Das Bundeslandwirtschaftsministerium (BMEL) hat mit einer Eilverordnung den gesetzlich geplanten Glyphosatausstieg in Deutschland gekippt. Nach der Neuzulassung von Glyphosat durch die EU war die bisherige Bestimmung nicht mehr haltbar. Nun geht es darum, die Anwendung möglichst weitgehend einzuschränken.

Bisher stand in der deutschen Pflanzenschutz-Anwendungsverordnung ein vollständiges Verbot von Glyphosat ab dem 1. Januar 2024. Gleichzeitig wären die bis dahin geltenden Beschränkungen der Anwendung von Glyphosat außer Kraft getreten. Einer Umfrage des Marktforschers Ipsos im Auftrag des Pestizid-Aktions-Netzwerks (PAN Europe) würden 68,3 Prozent Menschen in Deutschland ein Glyphosatverbot begrüßen.

Weil die EU den Einsatz von Glyphosat aber um weitere zehn Jahre zugelassen hat, wäre das deutsche Verbot europarechtswidrig geworden, erklärte das BMEL seine Eilverordnung am Freitag. Diese sei notwendig „um die Einleitung eines Vertragsverletzungsverfahrens durch die EU-Kommission zu verhindern und auf nationaler Ebene Klagen der Hersteller und Anwender zu vermeiden“.

Nächster Streit mit der FDP ist vorprogrammiert

Mit der Verordnung ist der Glyphosatausstieg also vom Tisch und die bisherigen Beschränkungen gelten noch ein halbes Jahr. Diese Zeit will Landwirtschaftsminister Cem Özdemir nutzen, um eine Änderung der Pflanzenschutz-Anwendungsverordnung zu erarbeiten.

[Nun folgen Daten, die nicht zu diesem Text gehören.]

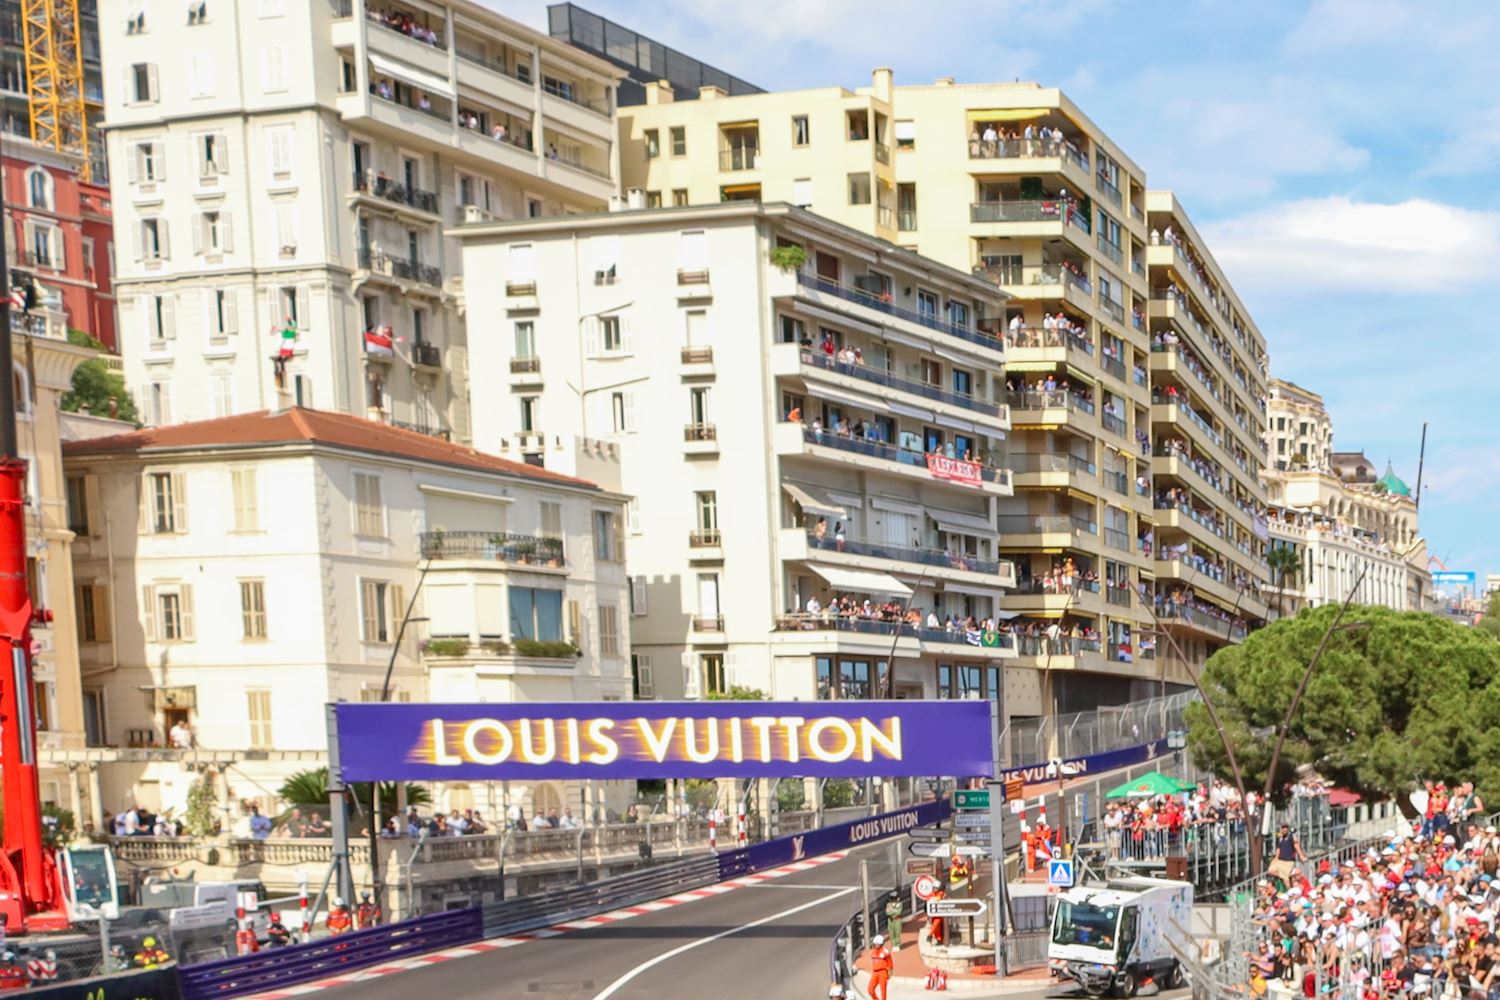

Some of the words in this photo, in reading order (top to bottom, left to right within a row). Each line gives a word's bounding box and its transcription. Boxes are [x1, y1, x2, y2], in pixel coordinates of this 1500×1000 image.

[432, 717, 619, 766] LOUIS
[637, 716, 902, 763] VUITTON
[850, 821, 880, 843] LOUIS
[880, 811, 919, 834] VUITTON

„Wir werden prüfen, welche weiteren Möglichkeiten es gibt, die Anwendung von Glyphosat wirksam einzuschränken. Ich setze dabei auf die Unterstützung aller Ampelpartner“, sagte Özdemir. Der nächste Streit mit der FDP ist damit vorprogrammiert, da dieser Koalitionspartner keinen Bedarf sieht, die Glyphosatnutzung weiter einzuschränken.

So ist die Pestizidzulassung in der EU geregelt

Doch welche Möglichkeiten hat Deutschland überhaupt, den Einsatz von Glyphosat einzudämmen? Die Pestizidzulassung ist in der EU so organisiert: Der Wirkstoff selbst wird EU-weit zugelassen. Doch die damit hergestellten gebrauchsfertigen Pestizide brauchen eine nationale Zulassung. Diese kann mit Einschränkungen und Auflagen versehen werden.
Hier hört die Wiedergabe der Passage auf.